__Information__

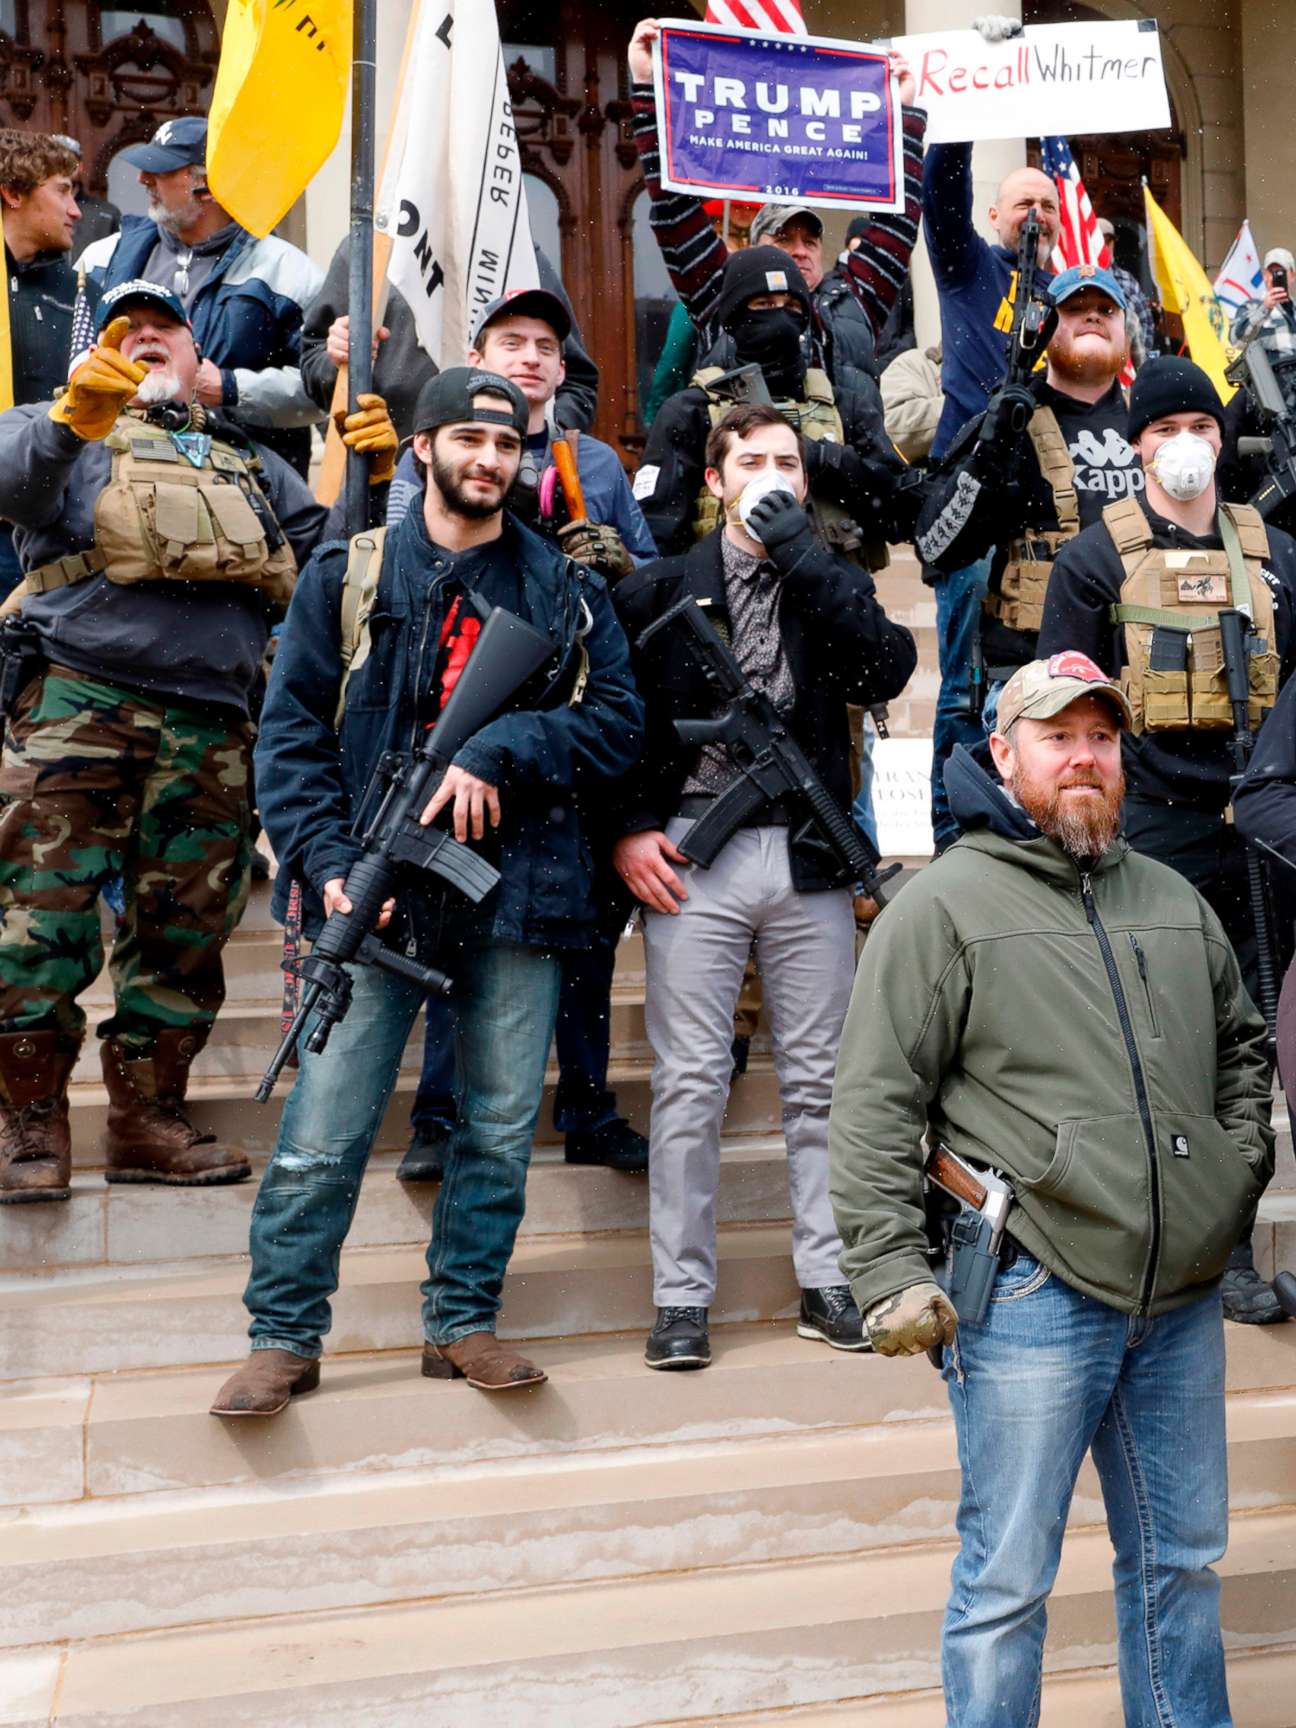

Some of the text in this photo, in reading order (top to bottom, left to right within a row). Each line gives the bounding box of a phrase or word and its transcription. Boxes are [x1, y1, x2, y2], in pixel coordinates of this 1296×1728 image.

[918, 43, 1157, 97] Recall Whitmer
[674, 71, 881, 120] TRUMP
[694, 109, 863, 143] PENCE
[689, 134, 868, 161] MAKE AMERICA GREAT AGAIN!
[765, 185, 799, 196] 2016
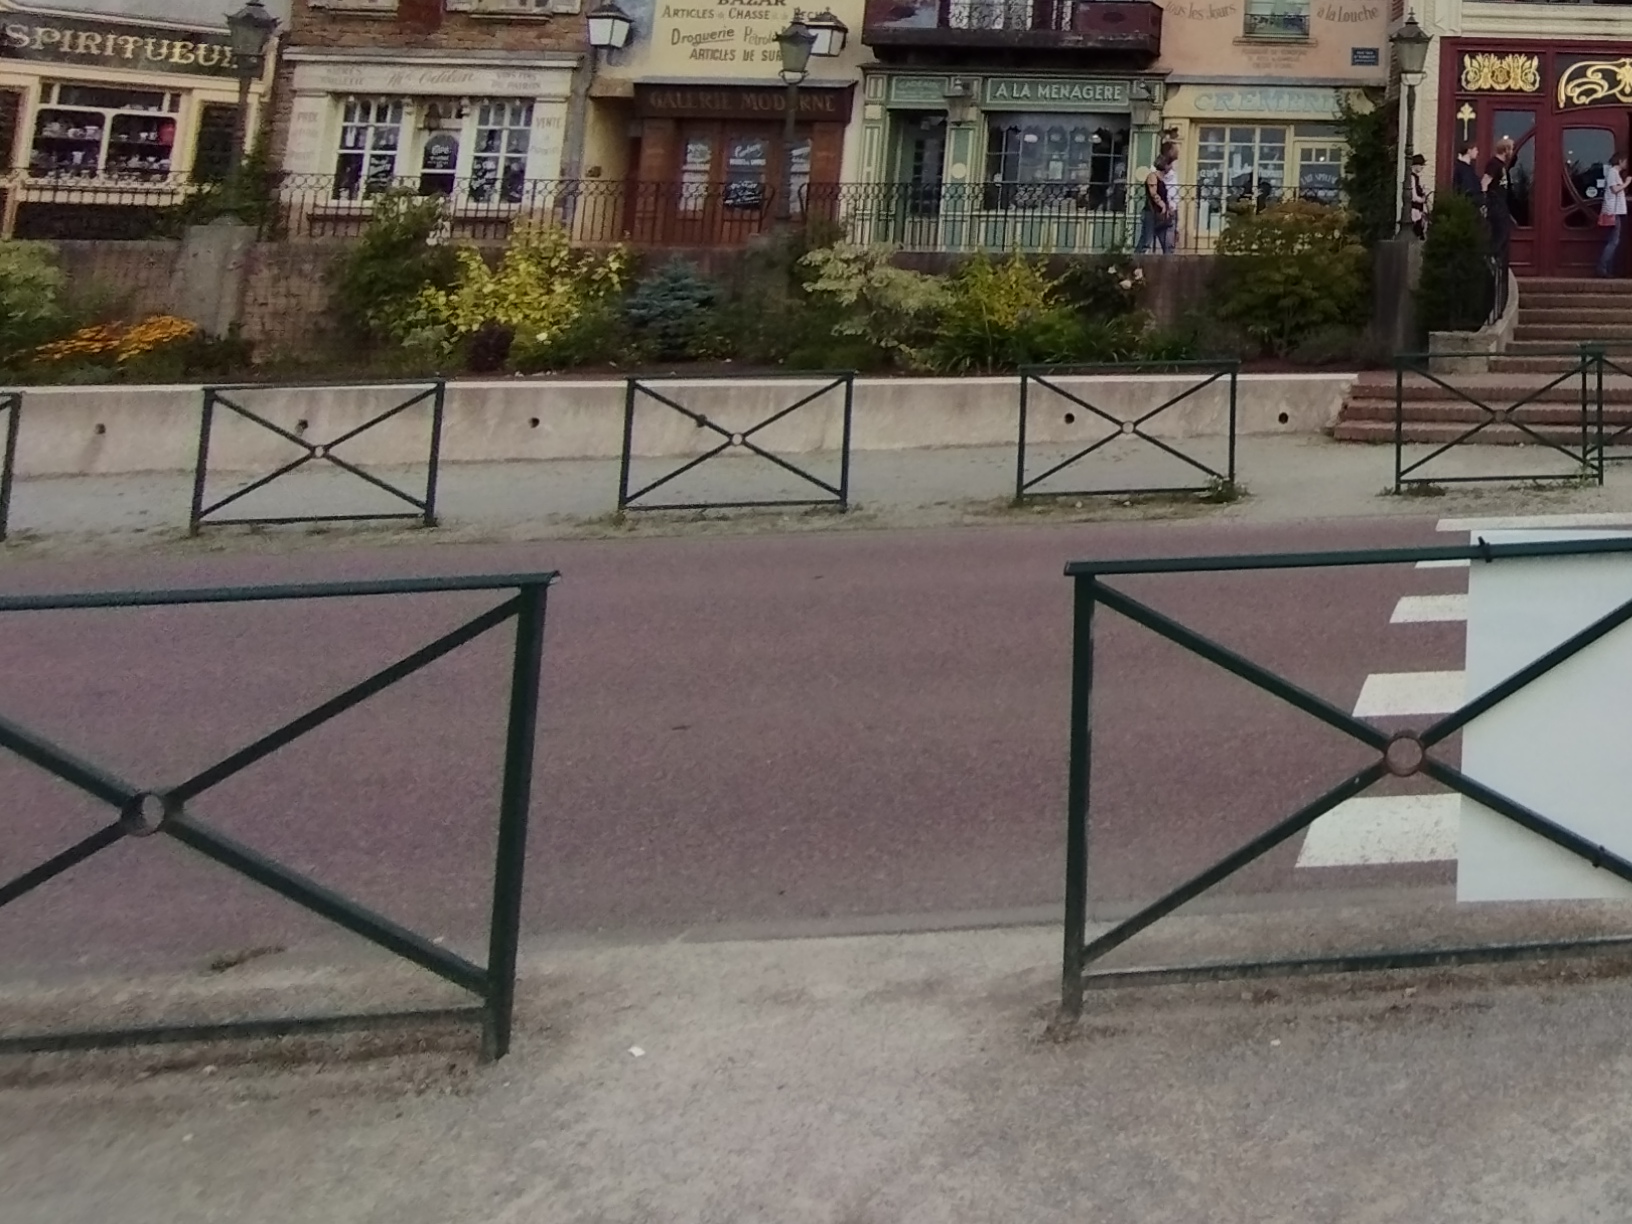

__Problem to solve__
Transcribe each entry exactly, pictures excluded.

__Output__
Some of the text in this photo, in reading order (top to bottom, left to right within a row). Each line gives the bounding box of a phrase or word and its transcription. Boxes are [x1, y1, x2, y2], in pixel coordinates of this 1296×1728 image.

[918, 43, 1157, 97] Recall Whitmer
[674, 71, 881, 120] TRUMP
[694, 109, 863, 143] PENCE
[689, 134, 868, 161] MAKE AMERICA GREAT AGAIN!
[765, 185, 799, 196] 2016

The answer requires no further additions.